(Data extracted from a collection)

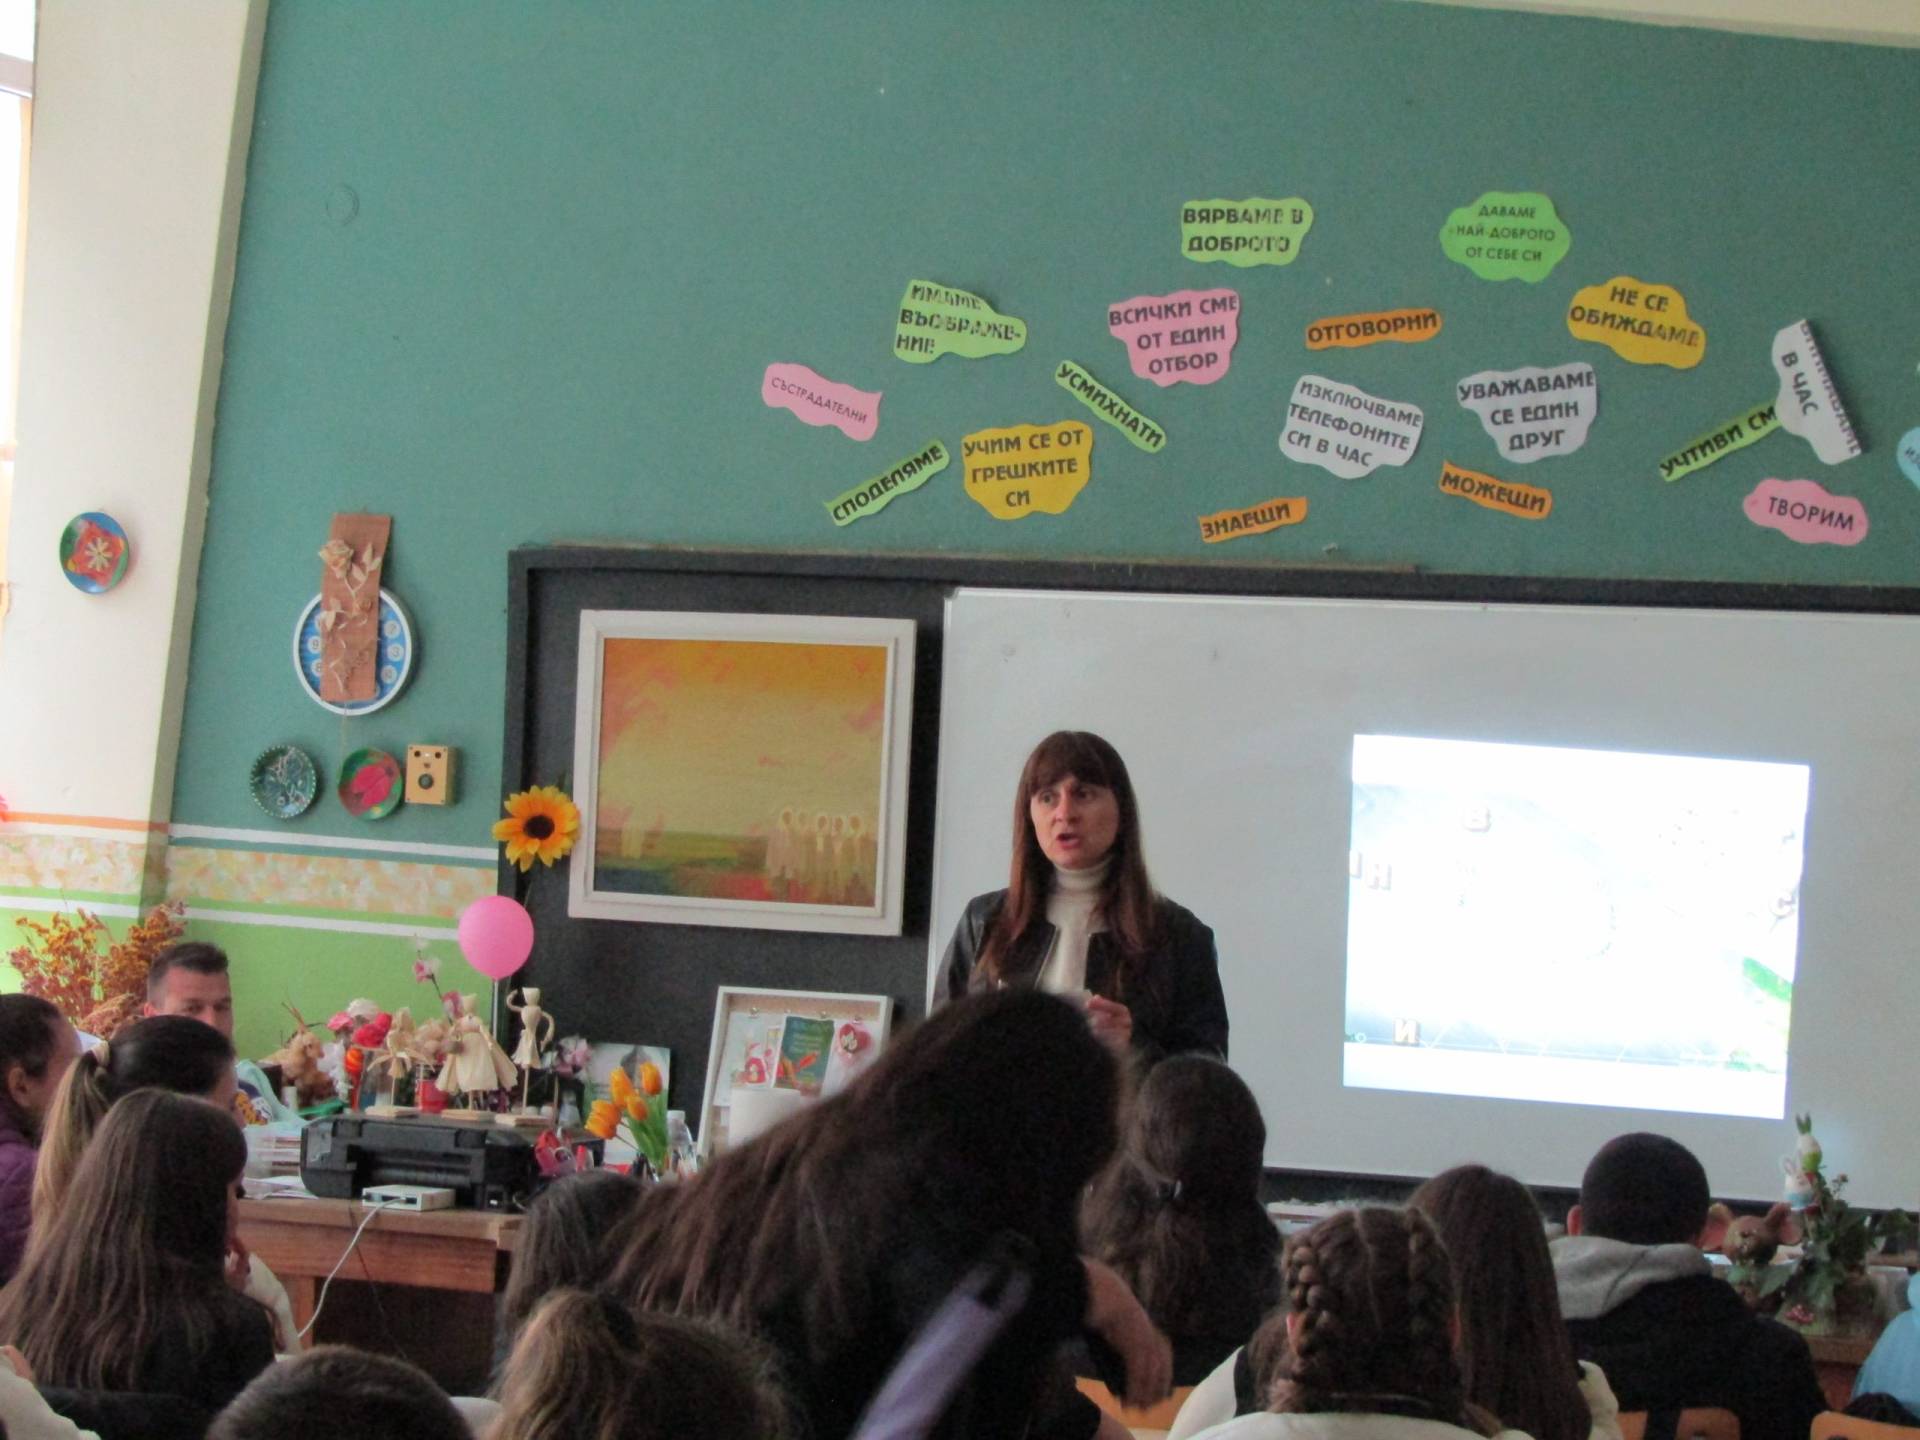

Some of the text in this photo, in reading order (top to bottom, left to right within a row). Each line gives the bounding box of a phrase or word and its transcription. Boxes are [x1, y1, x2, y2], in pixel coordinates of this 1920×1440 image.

[1183, 208, 1303, 224] ВЯРВАМЕ В
[1478, 205, 1536, 218] ДАВАМЕ
[1188, 236, 1290, 252] ДОБРОТО
[1466, 247, 1542, 262] ОТ СЕБЕ СИ
[1109, 295, 1237, 326] ВСИЧКИ СМЕ
[1610, 286, 1668, 313] НЕ СЕ
[1137, 325, 1225, 351] ОТ ЕДИН
[1308, 312, 1438, 344] ОТГОВОРНИ
[1570, 306, 1699, 348] ОБИЖДАМЕ
[896, 334, 935, 355] НИЕ
[1149, 352, 1219, 375] ОТБОР
[1458, 371, 1594, 401] УВАЖАВАМЕ
[1781, 352, 1818, 416] В ЧАС
[771, 377, 868, 424] СЪСТРАДАТЕЛНИ
[1057, 363, 1163, 448] УСМИХНАТИ
[1300, 381, 1422, 427] ИЗКЛЮЧВАМЕ
[1491, 401, 1579, 426] СЕ ЕДИН
[1290, 403, 1410, 451] ТЕЛЕФОНИТЕ
[1509, 429, 1565, 451] ДРУГ
[1660, 405, 1778, 476] УЧТИВИ СМ
[963, 429, 1084, 457] УЧИМ СЕ ОТ
[1287, 430, 1373, 467] СИ В ЧАС
[832, 445, 943, 522] СПОДЕЛЯМЕ
[971, 457, 1078, 483] ГРЕШКИТЕ
[1005, 490, 1030, 507] СИ
[1441, 471, 1546, 513] МОЖЕЩИ
[1202, 503, 1291, 539] ЗНАЕЩИ
[1769, 497, 1854, 531] ТВОРИМ
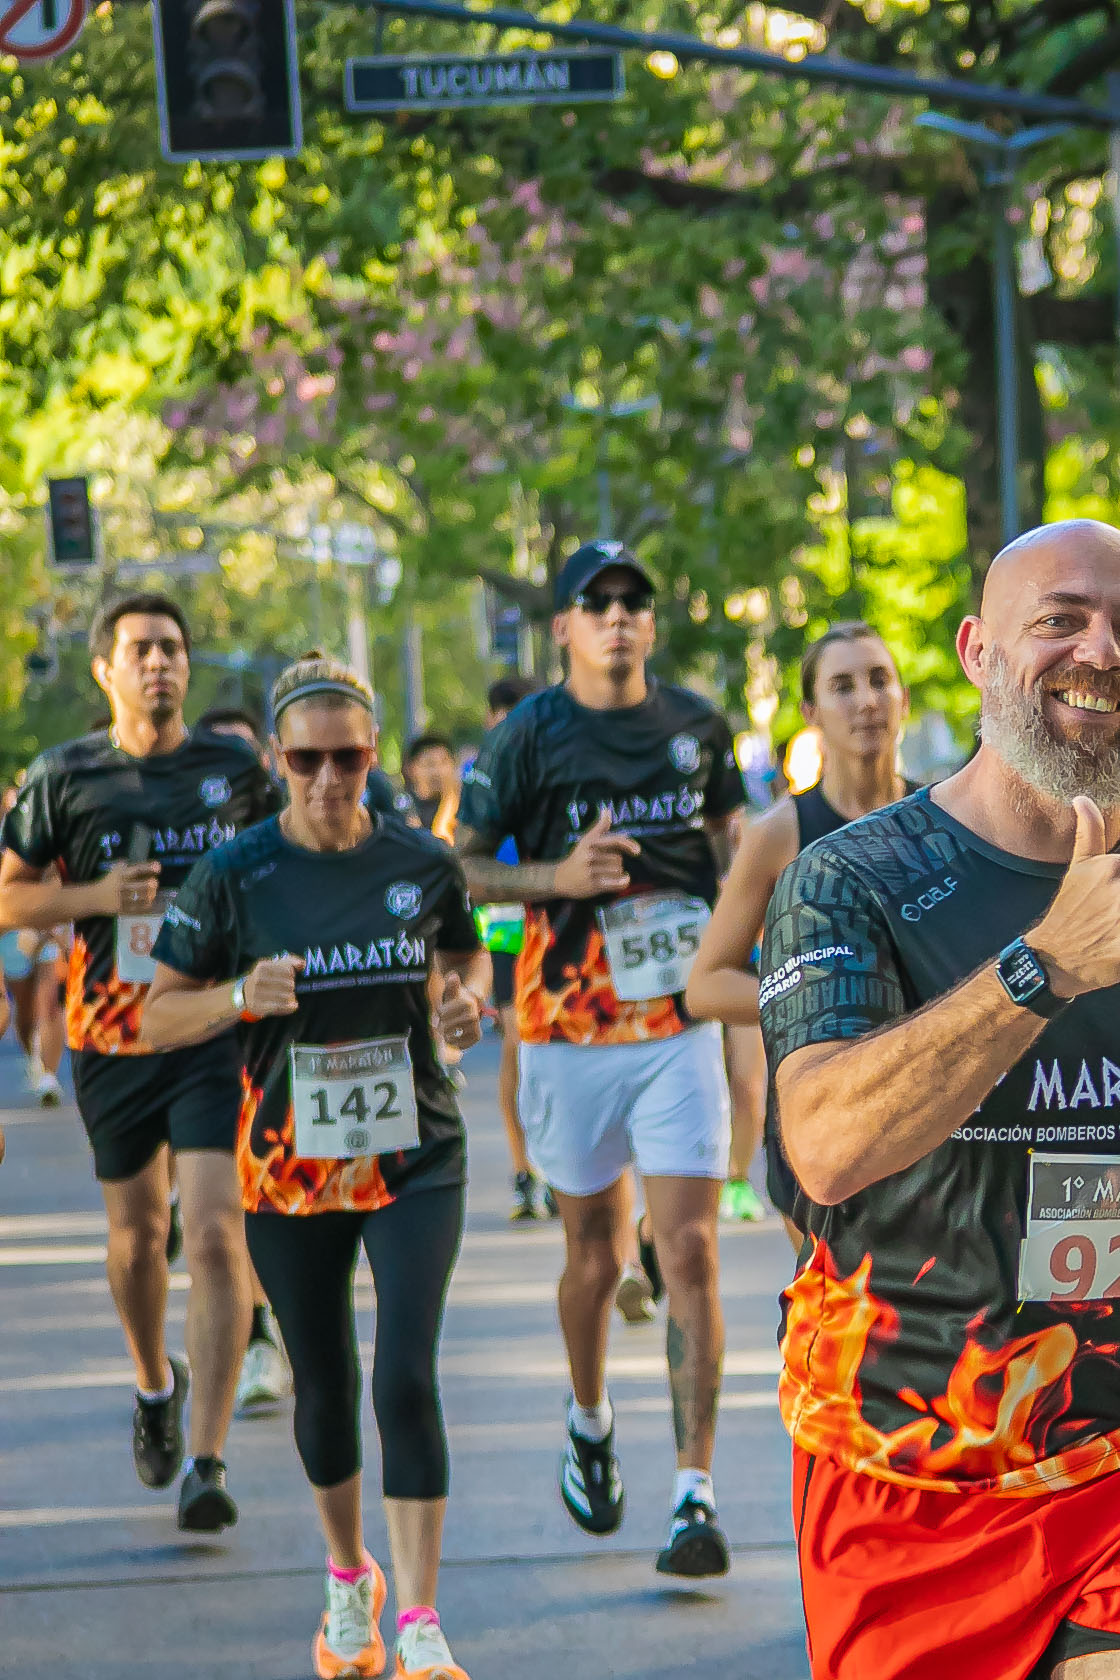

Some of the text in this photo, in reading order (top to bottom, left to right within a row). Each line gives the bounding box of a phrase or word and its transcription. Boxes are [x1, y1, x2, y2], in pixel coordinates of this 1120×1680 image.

[403, 53, 569, 98] TUCUMÁN
[304, 928, 427, 977] MARATÓN
[621, 921, 699, 969] 585
[784, 946, 854, 973] MUNICIPAL
[310, 1081, 402, 1126] 142
[1036, 1124, 1116, 1142] BOMBEROS
[1039, 1206, 1091, 1219] ASOCIACIÓN

TASK REQUIREMENTS: Pictures don't belong in the copy. Restate all the entries exactly.

ANSWER BELOW:
Some of the text in this photo, in reading order (top to bottom, left to right within a row). Each line gives the bounding box of a phrase or word and its transcription. Boxes are [x1, y1, x2, y2], in pixel coordinates of this 1920×1440 image.

[1183, 208, 1303, 224] ВЯРВАМЕ В
[1478, 205, 1536, 218] ДАВАМЕ
[1188, 236, 1290, 252] ДОБРОТО
[1466, 247, 1542, 262] ОТ СЕБЕ СИ
[1109, 295, 1237, 326] ВСИЧКИ СМЕ
[1610, 286, 1668, 313] НЕ СЕ
[1137, 325, 1225, 351] ОТ ЕДИН
[1308, 312, 1438, 344] ОТГОВОРНИ
[1570, 306, 1699, 348] ОБИЖДАМЕ
[896, 334, 935, 355] НИЕ
[1149, 352, 1219, 375] ОТБОР
[1458, 371, 1594, 401] УВАЖАВАМЕ
[1781, 352, 1818, 416] В ЧАС
[771, 377, 868, 424] СЪСТРАДАТЕЛНИ
[1057, 363, 1163, 448] УСМИХНАТИ
[1300, 381, 1422, 427] ИЗКЛЮЧВАМЕ
[1491, 401, 1579, 426] СЕ ЕДИН
[1290, 403, 1410, 451] ТЕЛЕФОНИТЕ
[1509, 429, 1565, 451] ДРУГ
[1660, 405, 1778, 476] УЧТИВИ СМ
[963, 429, 1084, 457] УЧИМ СЕ ОТ
[1287, 430, 1373, 467] СИ В ЧАС
[832, 445, 943, 522] СПОДЕЛЯМЕ
[971, 457, 1078, 483] ГРЕШКИТЕ
[1005, 490, 1030, 507] СИ
[1441, 471, 1546, 513] МОЖЕЩИ
[1202, 503, 1291, 539] ЗНАЕЩИ
[1769, 497, 1854, 531] ТВОРИМ

Some of the text in this photo, in reading order (top to bottom, left to right within a row). Each line gives the bounding box of a phrase or word and its transcription. Boxes are [x1, y1, x2, y2], in pixel coordinates of this 1120×1680 image.

[403, 53, 569, 98] TUCUMÁN
[304, 928, 427, 977] MARATÓN
[621, 921, 699, 969] 585
[784, 946, 854, 973] MUNICIPAL
[310, 1081, 402, 1126] 142
[1036, 1124, 1116, 1142] BOMBEROS
[1039, 1206, 1091, 1219] ASOCIACIÓN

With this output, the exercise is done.